Aim of the task:
Below are records; transcribe only the line with "this 2048×1536 image." and those after it, through the last line, without any change.

Records supplied:
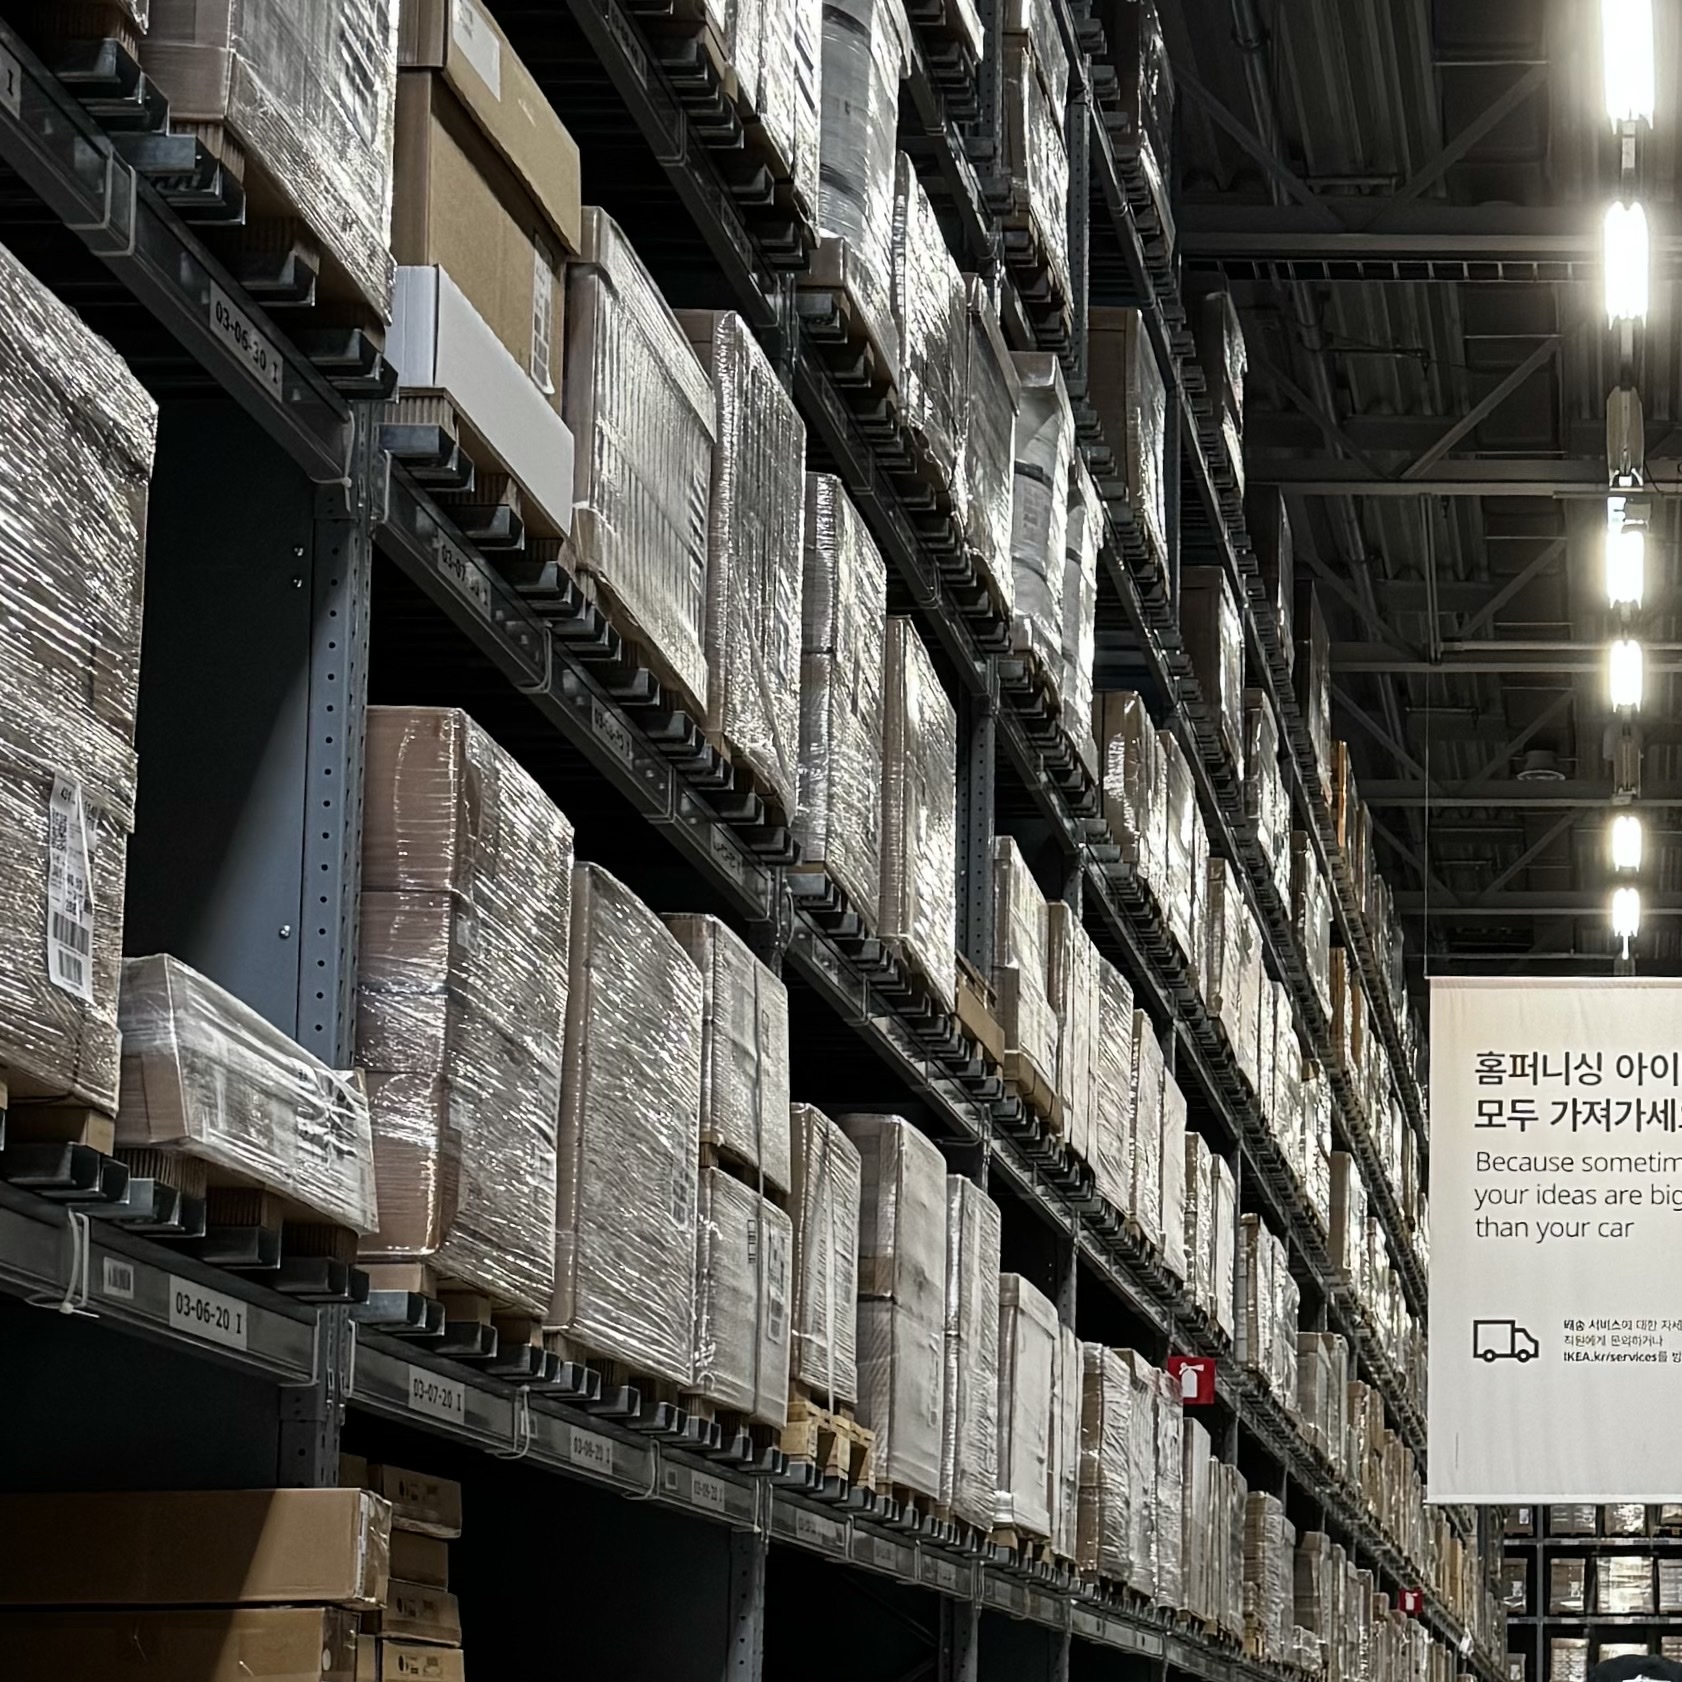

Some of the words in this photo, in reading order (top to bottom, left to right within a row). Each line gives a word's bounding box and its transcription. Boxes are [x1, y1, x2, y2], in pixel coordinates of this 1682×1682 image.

[215, 301, 267, 371] 03-06-30
[1475, 1050, 1603, 1087] 홈퍼니싱
[1474, 1099, 1540, 1132] 모두
[1476, 1150, 1575, 1174] Because
[1474, 1185, 1530, 1211] your
[1536, 1182, 1597, 1206] ideas
[1604, 1187, 1643, 1206] are
[1475, 1216, 1529, 1239] than
[1535, 1219, 1591, 1244] your
[1597, 1220, 1635, 1239] car
[175, 1291, 230, 1330] 03-06-20
[1563, 1319, 1585, 1332] 배송
[1588, 1319, 1633, 1332] 서비스에
[1636, 1319, 1657, 1332] 대한
[413, 1378, 453, 1409] 03-07-20
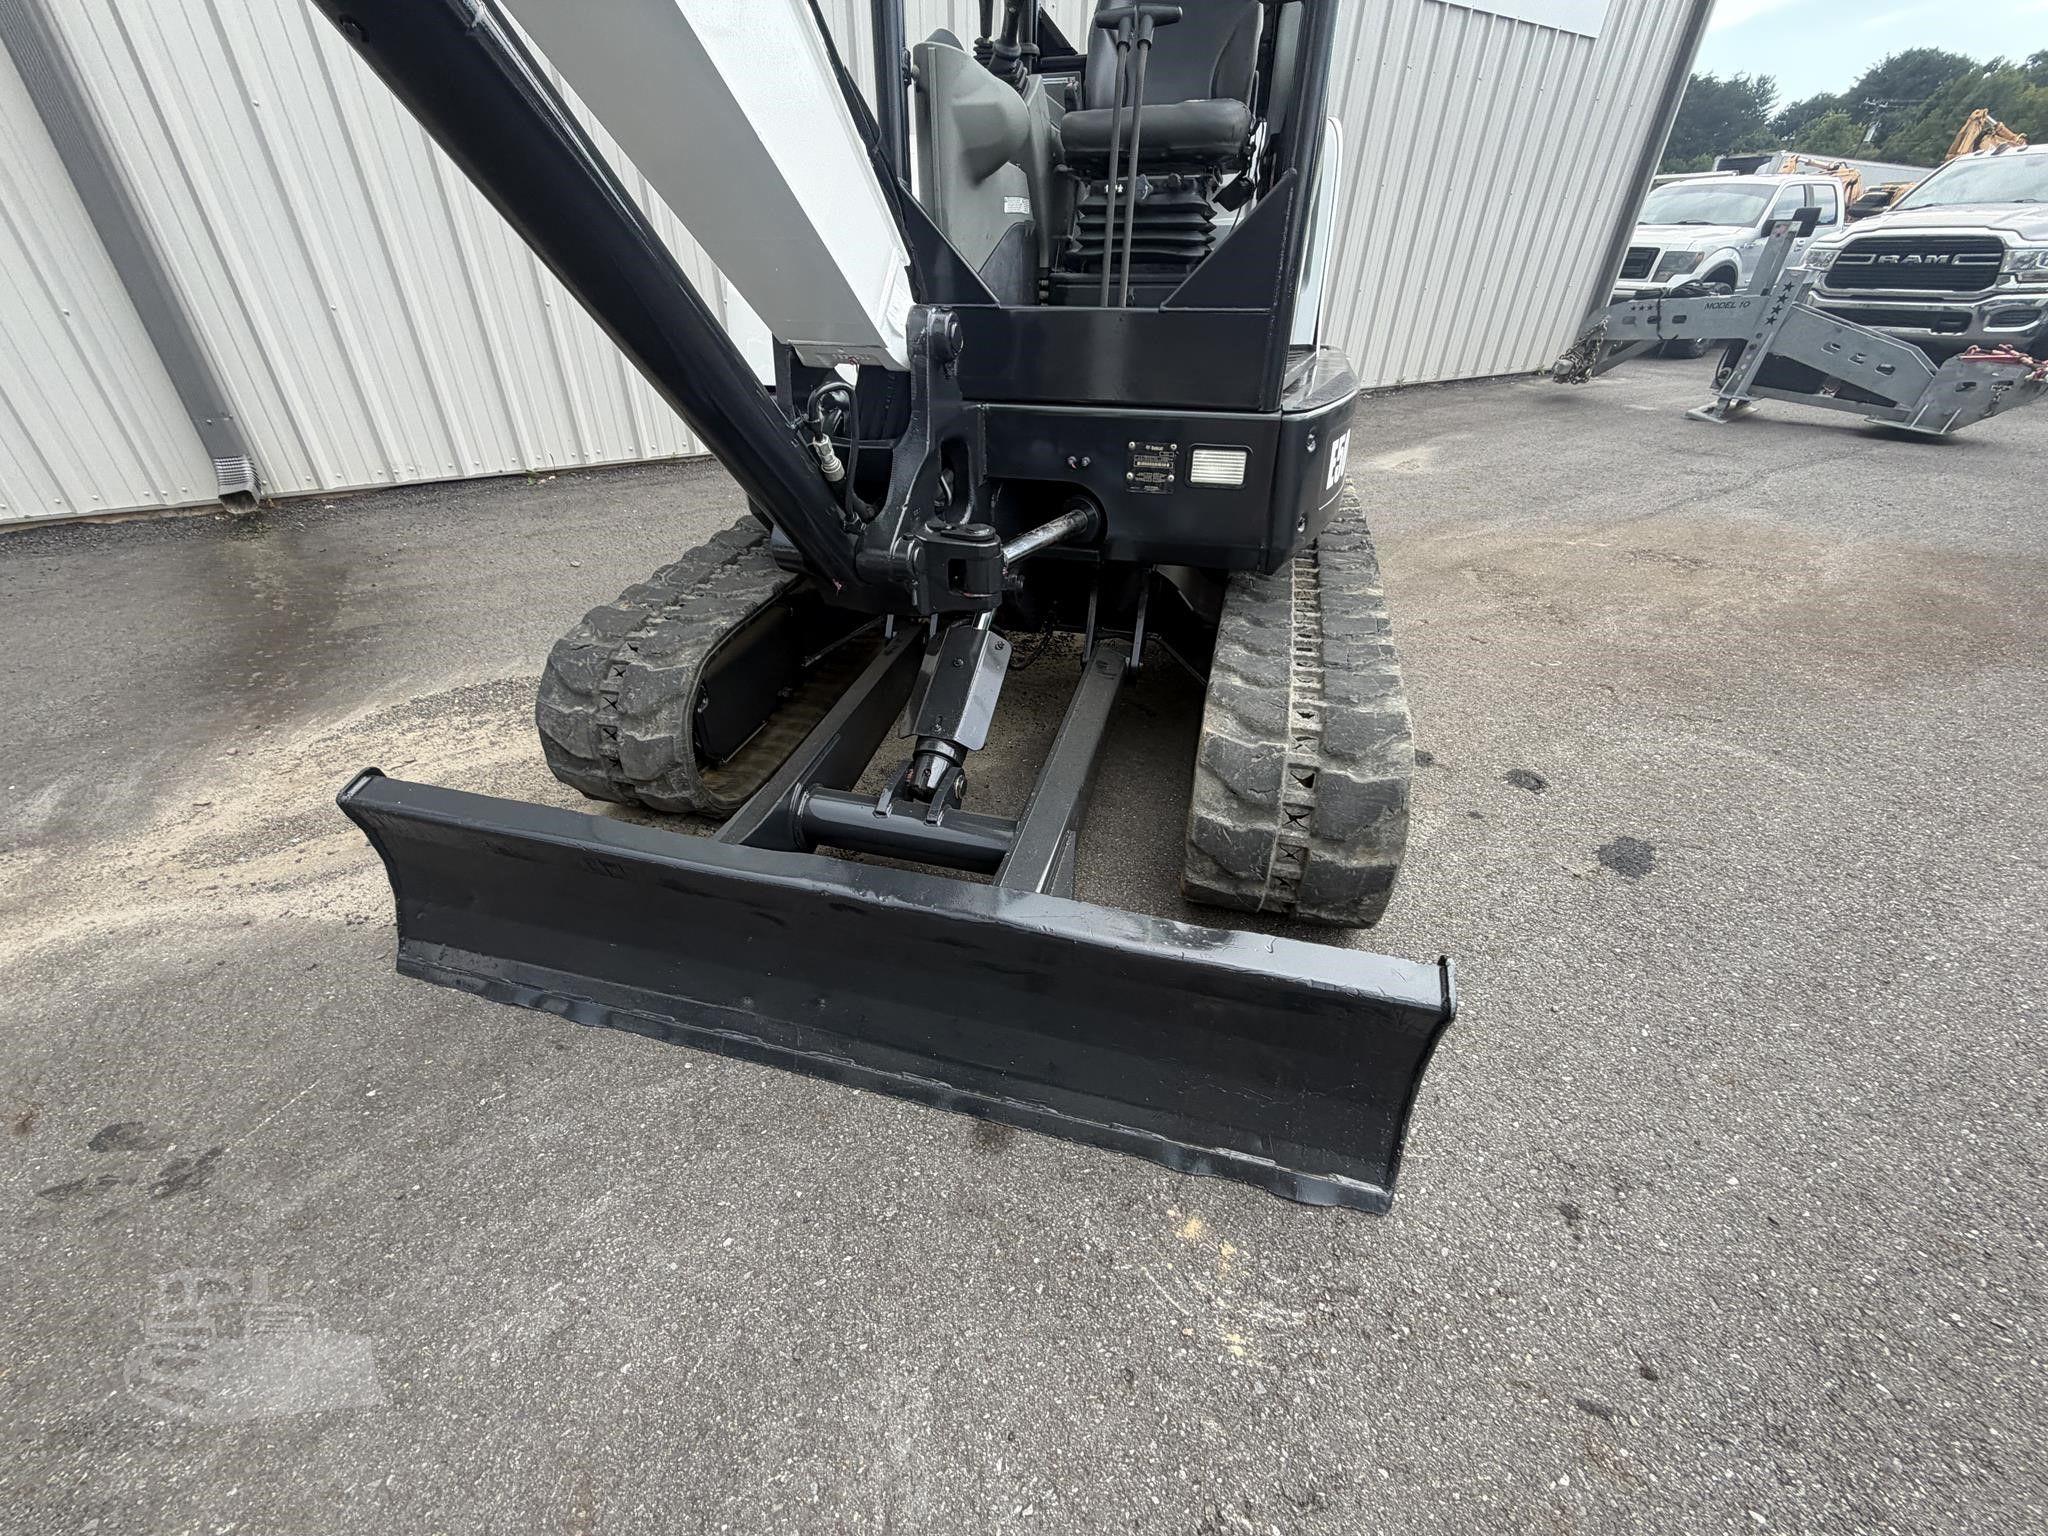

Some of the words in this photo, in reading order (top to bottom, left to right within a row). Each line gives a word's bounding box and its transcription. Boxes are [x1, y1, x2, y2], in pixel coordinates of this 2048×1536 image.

[1877, 254, 1950, 264] RAM
[1704, 301, 1736, 310] MODEL
[1738, 300, 1751, 309] 10

Response to the task:
Some of the words in this photo, in reading order (top to bottom, left to right within a row). Each line gives a word's bounding box and its transcription. Boxes are [x1, y1, x2, y2], in pixel coordinates of this 2048×1536 image.

[1877, 254, 1950, 264] RAM
[1704, 301, 1736, 310] MODEL
[1738, 300, 1751, 309] 10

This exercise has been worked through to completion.